■ DIRECTIONS ■
Each record is to be copied exactly, with its pictures left behind.

[[ DATA FOR THIS TASK, beginning ]]

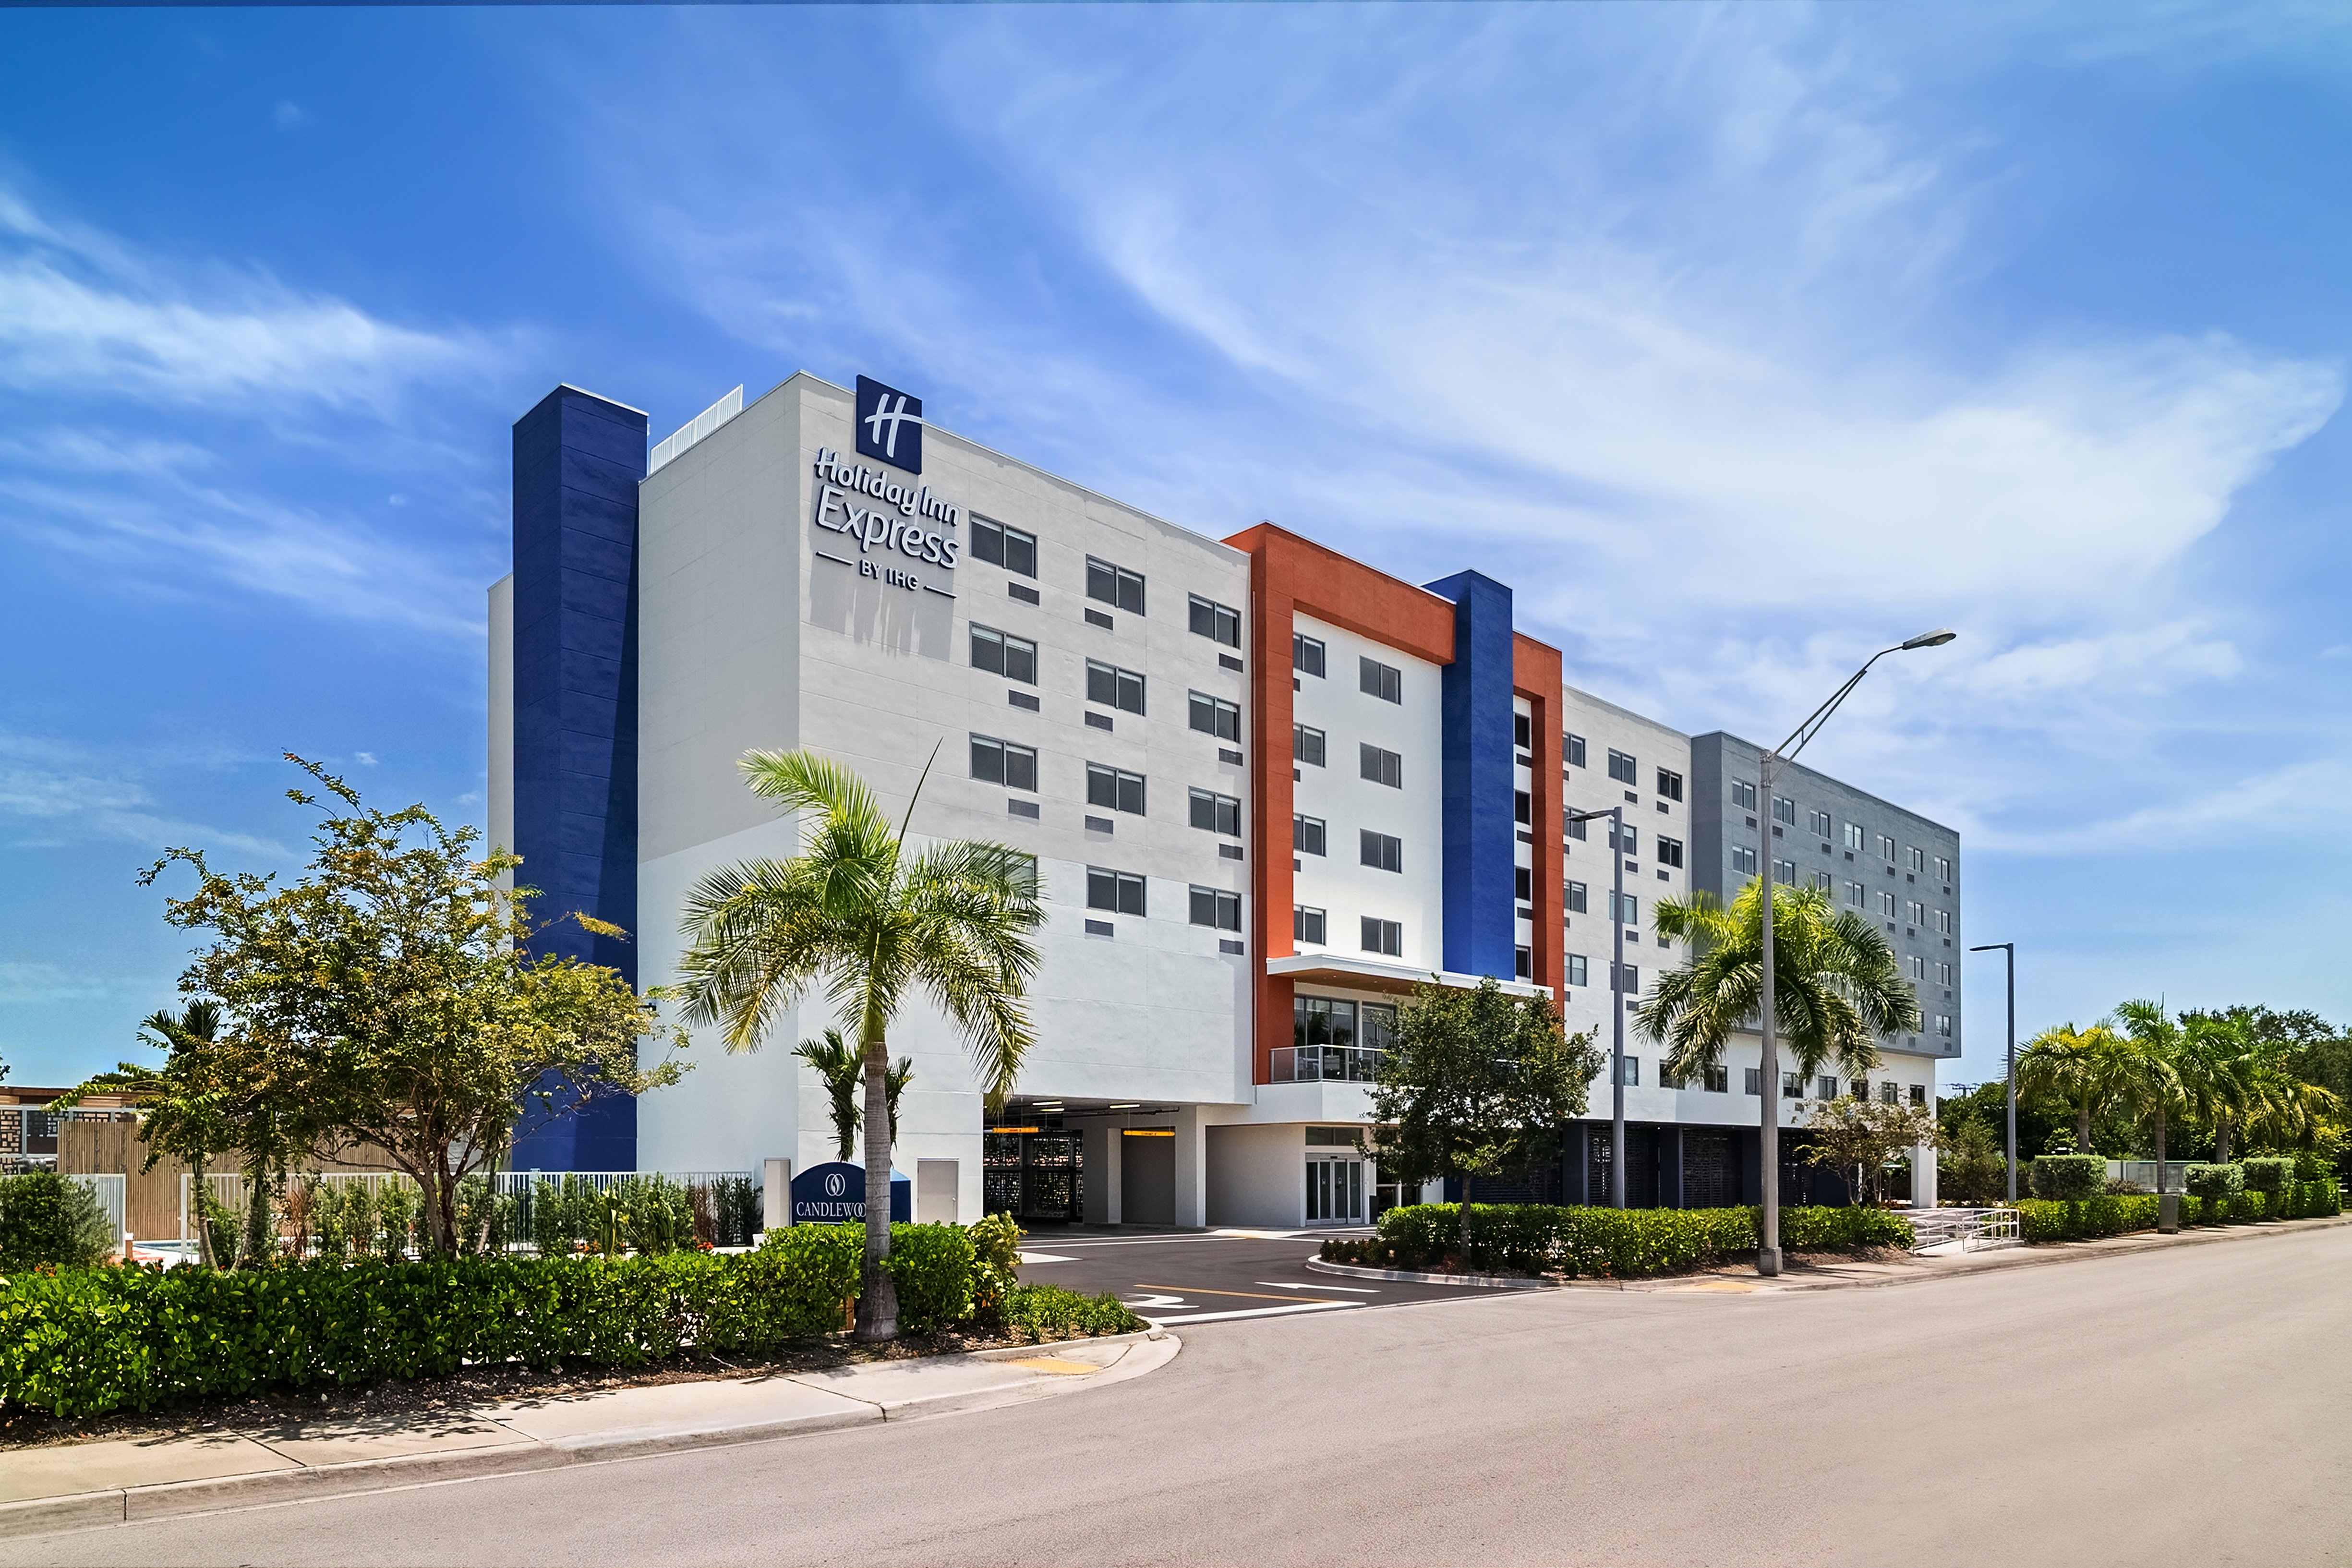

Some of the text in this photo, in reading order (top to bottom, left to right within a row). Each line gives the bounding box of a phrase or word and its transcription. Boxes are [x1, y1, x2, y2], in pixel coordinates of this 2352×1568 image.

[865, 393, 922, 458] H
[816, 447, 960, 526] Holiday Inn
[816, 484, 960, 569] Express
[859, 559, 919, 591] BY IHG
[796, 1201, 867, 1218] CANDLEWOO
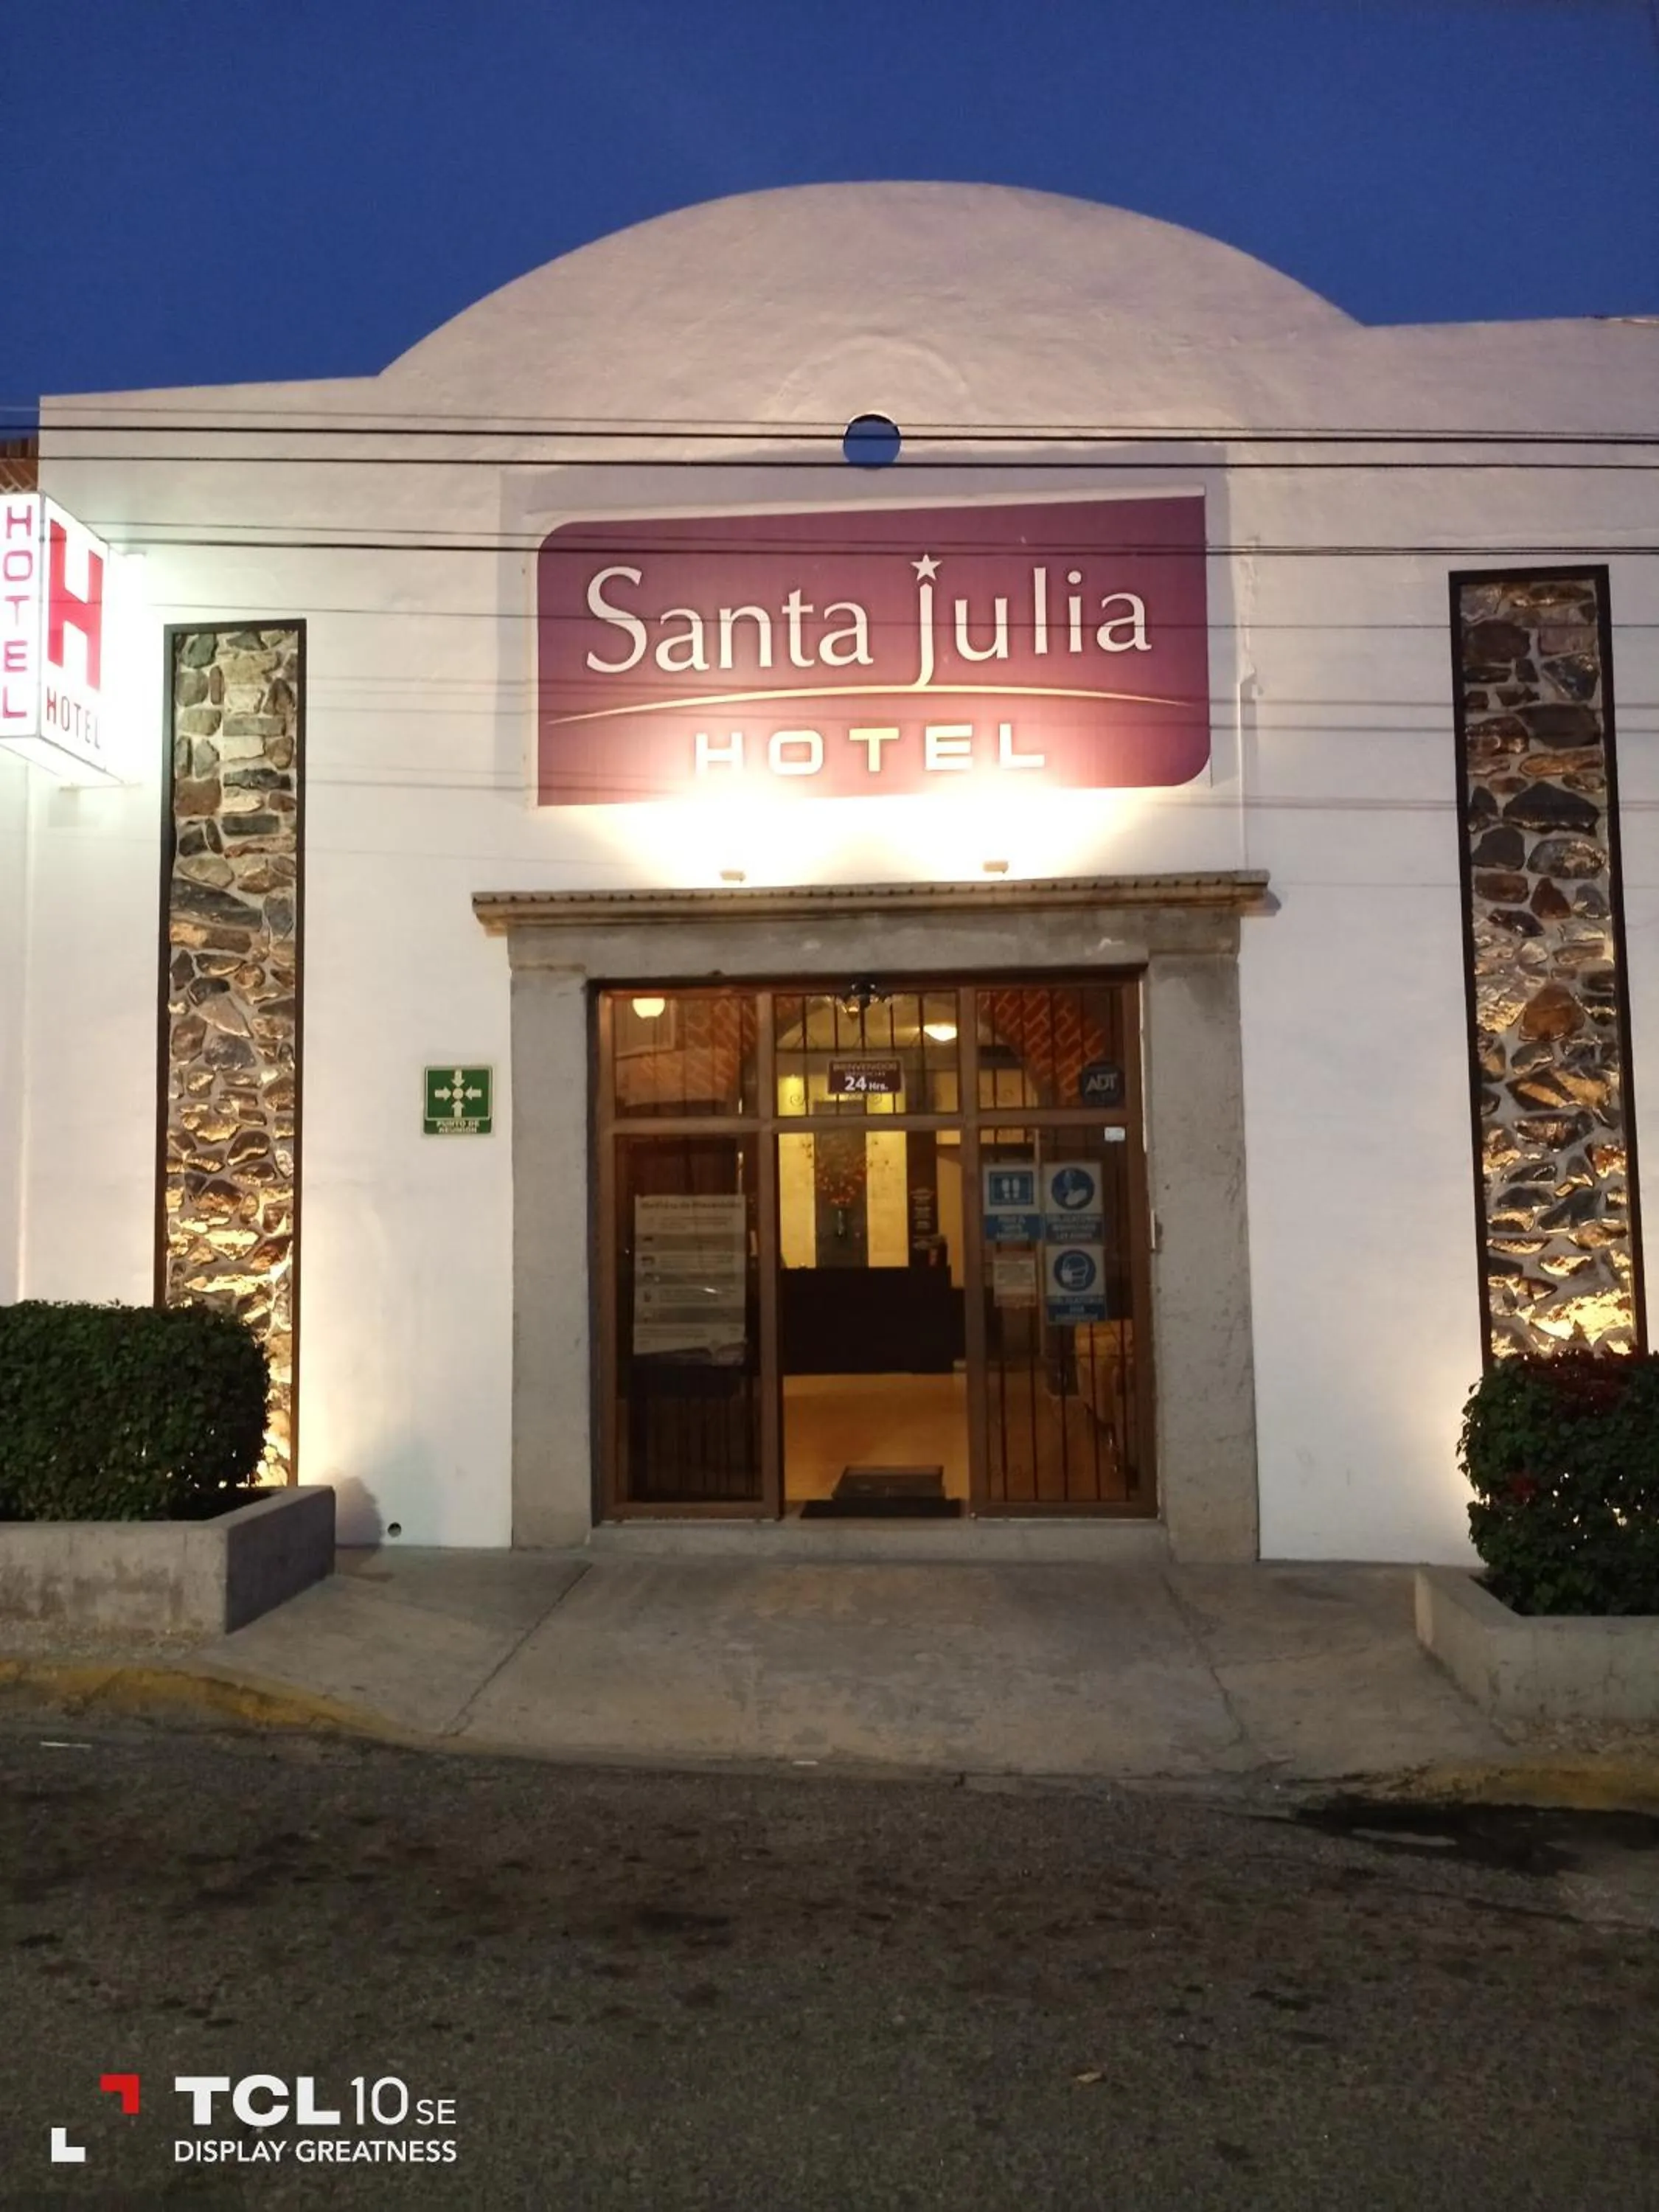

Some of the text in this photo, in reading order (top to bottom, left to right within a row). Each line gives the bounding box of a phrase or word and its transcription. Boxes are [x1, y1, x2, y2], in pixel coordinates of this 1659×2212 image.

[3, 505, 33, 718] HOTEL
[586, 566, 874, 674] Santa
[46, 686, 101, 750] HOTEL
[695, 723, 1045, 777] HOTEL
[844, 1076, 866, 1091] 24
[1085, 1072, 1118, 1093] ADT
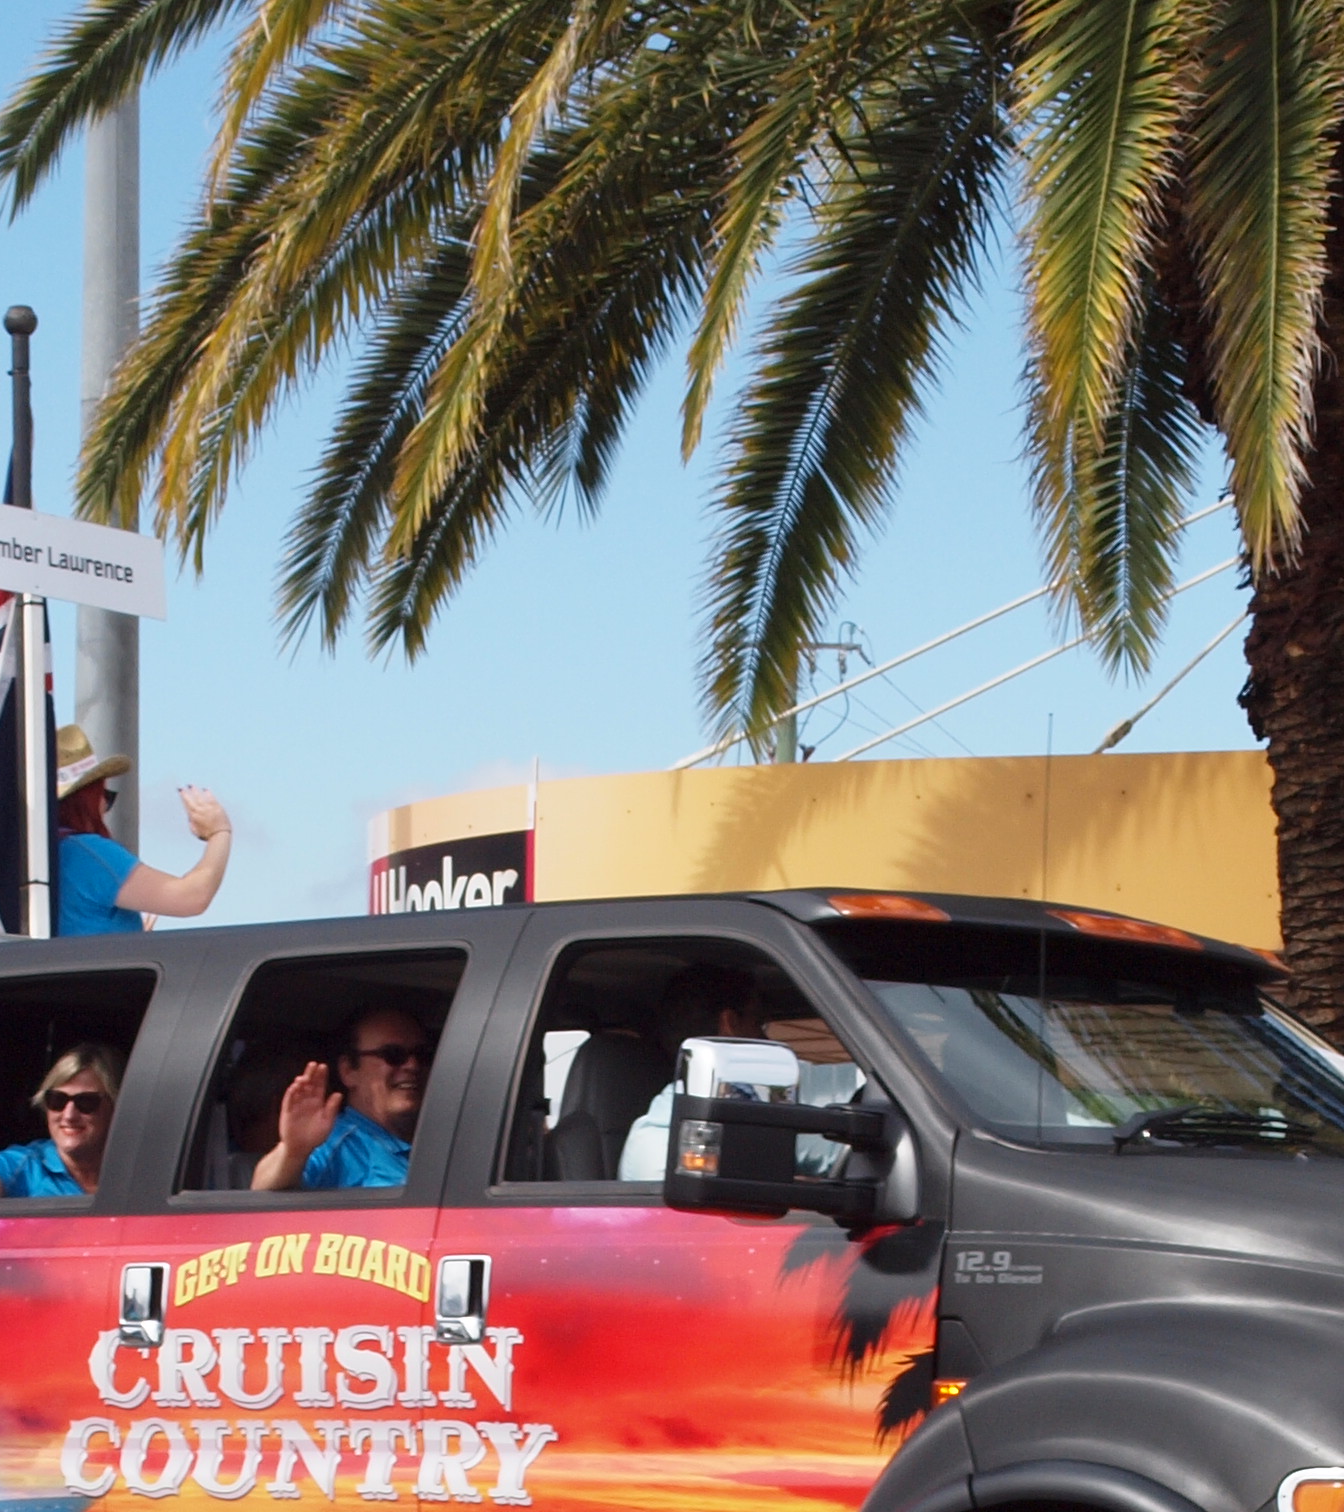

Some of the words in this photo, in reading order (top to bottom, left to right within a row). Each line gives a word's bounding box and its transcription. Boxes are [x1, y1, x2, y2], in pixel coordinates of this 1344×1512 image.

[[ DATA FOR THIS TASK, end ]]

■ TASK OUTPUT ■
Some of the text in this photo, in reading order (top to bottom, left to right within a row). Each line gives the bounding box of a phrase or word and its transcription. Boxes are [x1, y1, x2, y2], in pixel coordinates of this 2352×1568 image.

[865, 393, 922, 458] H
[816, 447, 960, 526] Holiday Inn
[816, 484, 960, 569] Express
[859, 559, 919, 591] BY IHG
[796, 1201, 867, 1218] CANDLEWOO

Some of the text in this photo, in reading order (top to bottom, left to right within a row). Each line gives the bounding box of a phrase or word and its transcription. Boxes are [x1, y1, x2, y2], in pixel coordinates of this 1659×2212 image.

[3, 505, 33, 718] HOTEL
[586, 566, 874, 674] Santa
[46, 686, 101, 750] HOTEL
[695, 723, 1045, 777] HOTEL
[844, 1076, 866, 1091] 24
[1085, 1072, 1118, 1093] ADT

Some of the words in this photo, in reading order (top to bottom, left to right within a row). Each line gives a word's bounding box and its transcription. Boxes are [x1, y1, x2, y2], in pixel coordinates of this 1344×1512 image.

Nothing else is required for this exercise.